● Work order
Each record that follows is to be transcribed exactly, excluding its images.

● Dataset
....
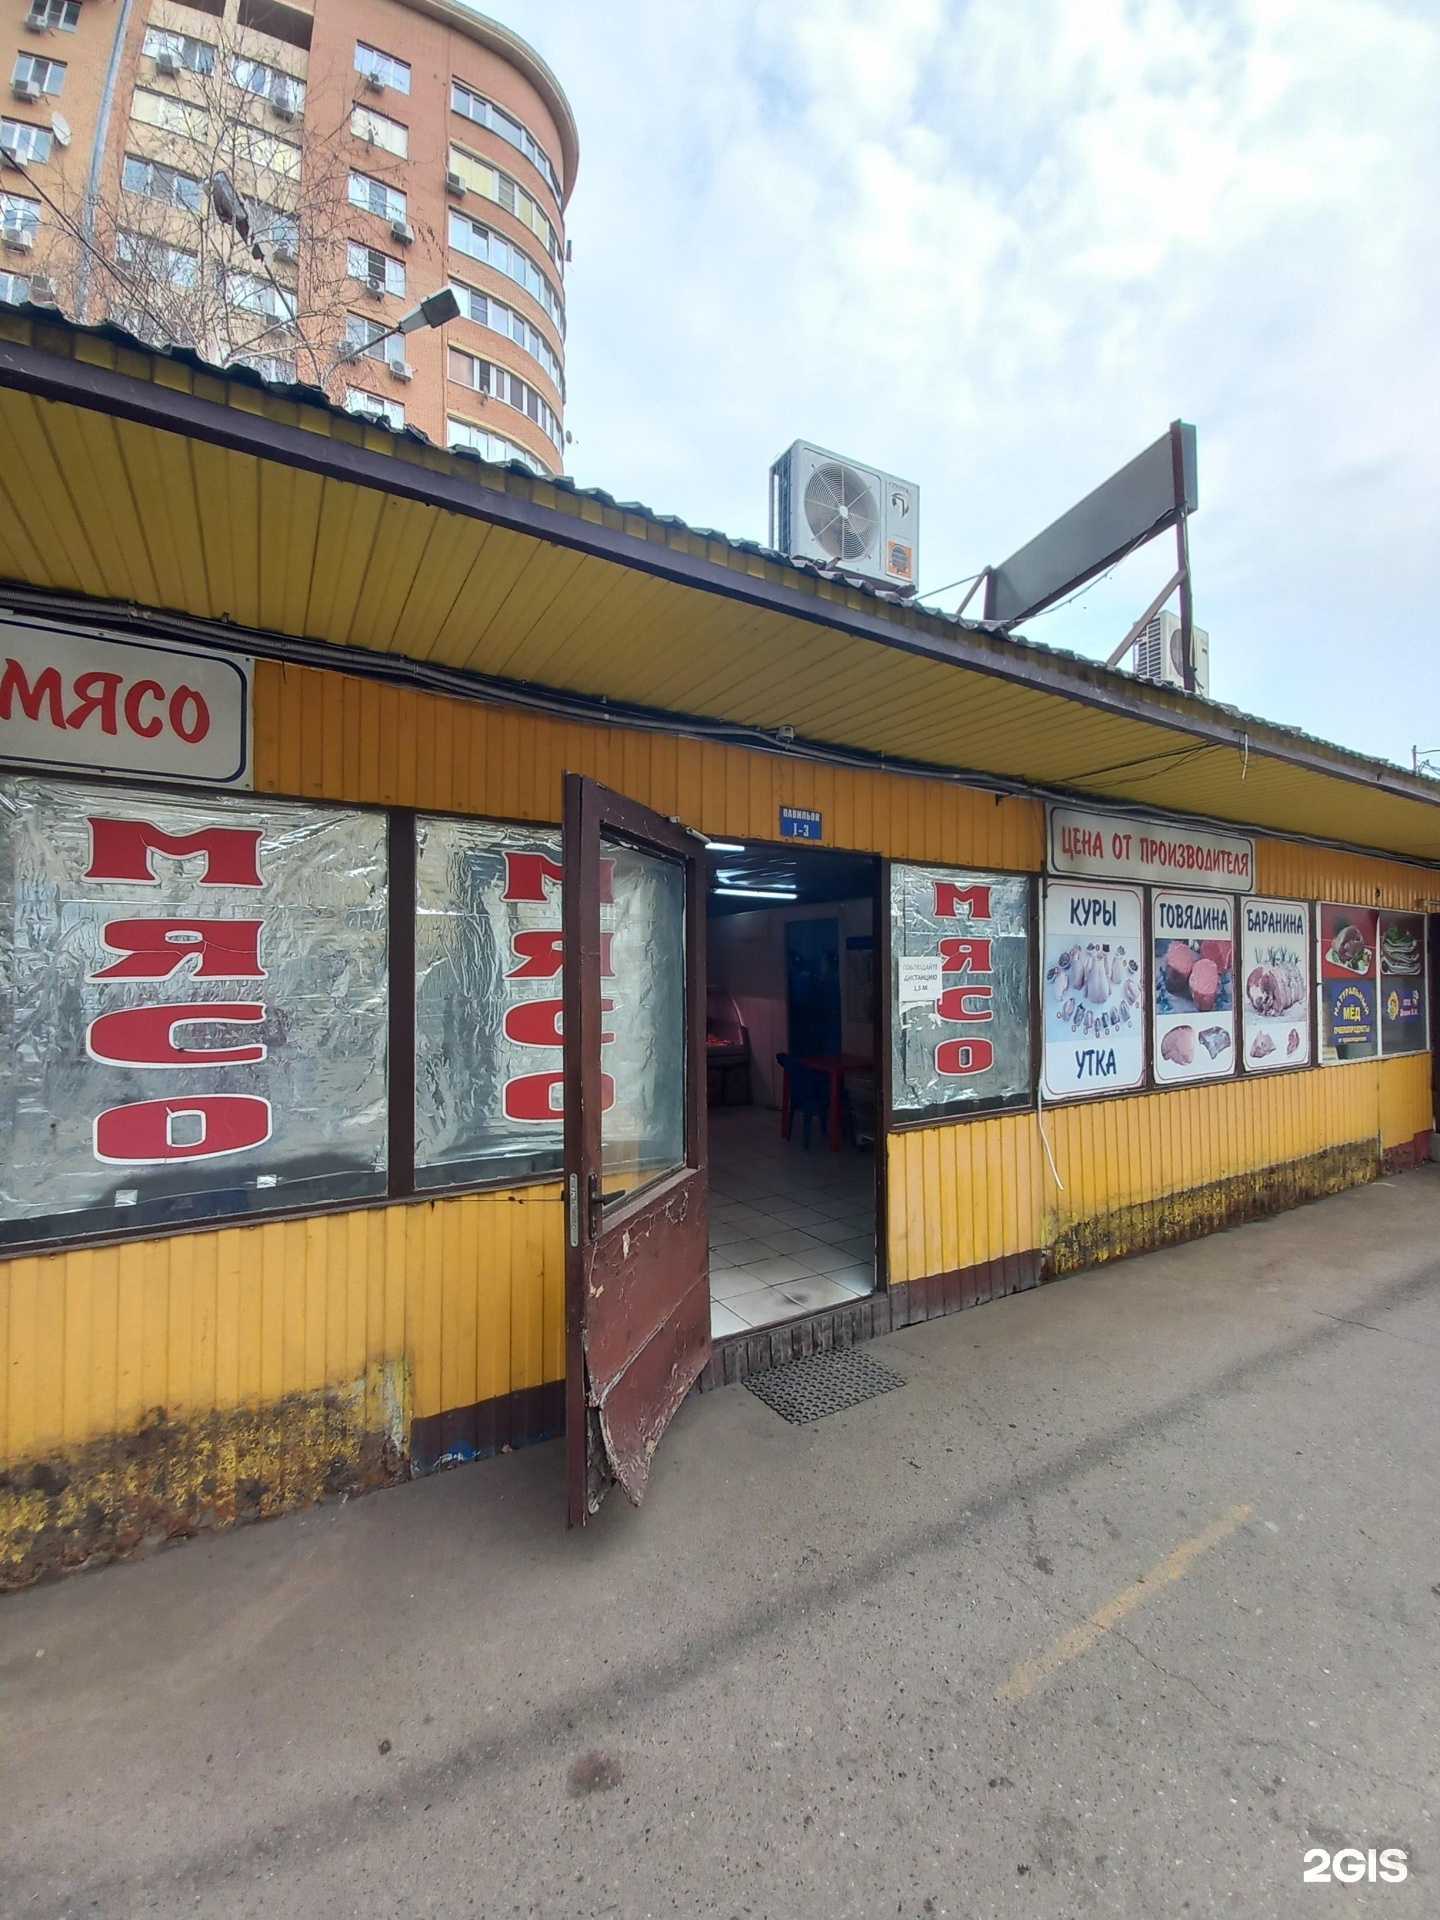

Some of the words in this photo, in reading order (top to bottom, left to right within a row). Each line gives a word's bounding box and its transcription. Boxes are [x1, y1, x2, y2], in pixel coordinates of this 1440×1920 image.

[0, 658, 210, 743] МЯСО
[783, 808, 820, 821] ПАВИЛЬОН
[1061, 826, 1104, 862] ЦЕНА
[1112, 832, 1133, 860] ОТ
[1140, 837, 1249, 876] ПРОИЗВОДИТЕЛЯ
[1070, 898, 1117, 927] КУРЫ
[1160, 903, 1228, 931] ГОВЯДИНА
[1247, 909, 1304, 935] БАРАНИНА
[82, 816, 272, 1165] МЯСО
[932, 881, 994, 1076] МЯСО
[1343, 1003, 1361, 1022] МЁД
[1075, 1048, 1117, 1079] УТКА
....
● Result of the exercise
Some of the words in this photo, in reading order (top to bottom, left to right within a row). Each line gives a word's bounding box and its transcription. Boxes are [x1, y1, x2, y2], in pixel coordinates of this 1440×1920 image.

[0, 658, 210, 743] МЯСО
[783, 808, 820, 821] ПАВИЛЬОН
[1061, 826, 1104, 862] ЦЕНА
[1112, 832, 1133, 860] ОТ
[1140, 837, 1249, 876] ПРОИЗВОДИТЕЛЯ
[1070, 898, 1117, 927] КУРЫ
[1160, 903, 1228, 931] ГОВЯДИНА
[1247, 909, 1304, 935] БАРАНИНА
[82, 816, 272, 1165] МЯСО
[932, 881, 994, 1076] МЯСО
[1343, 1003, 1361, 1022] МЁД
[1075, 1048, 1117, 1079] УТКА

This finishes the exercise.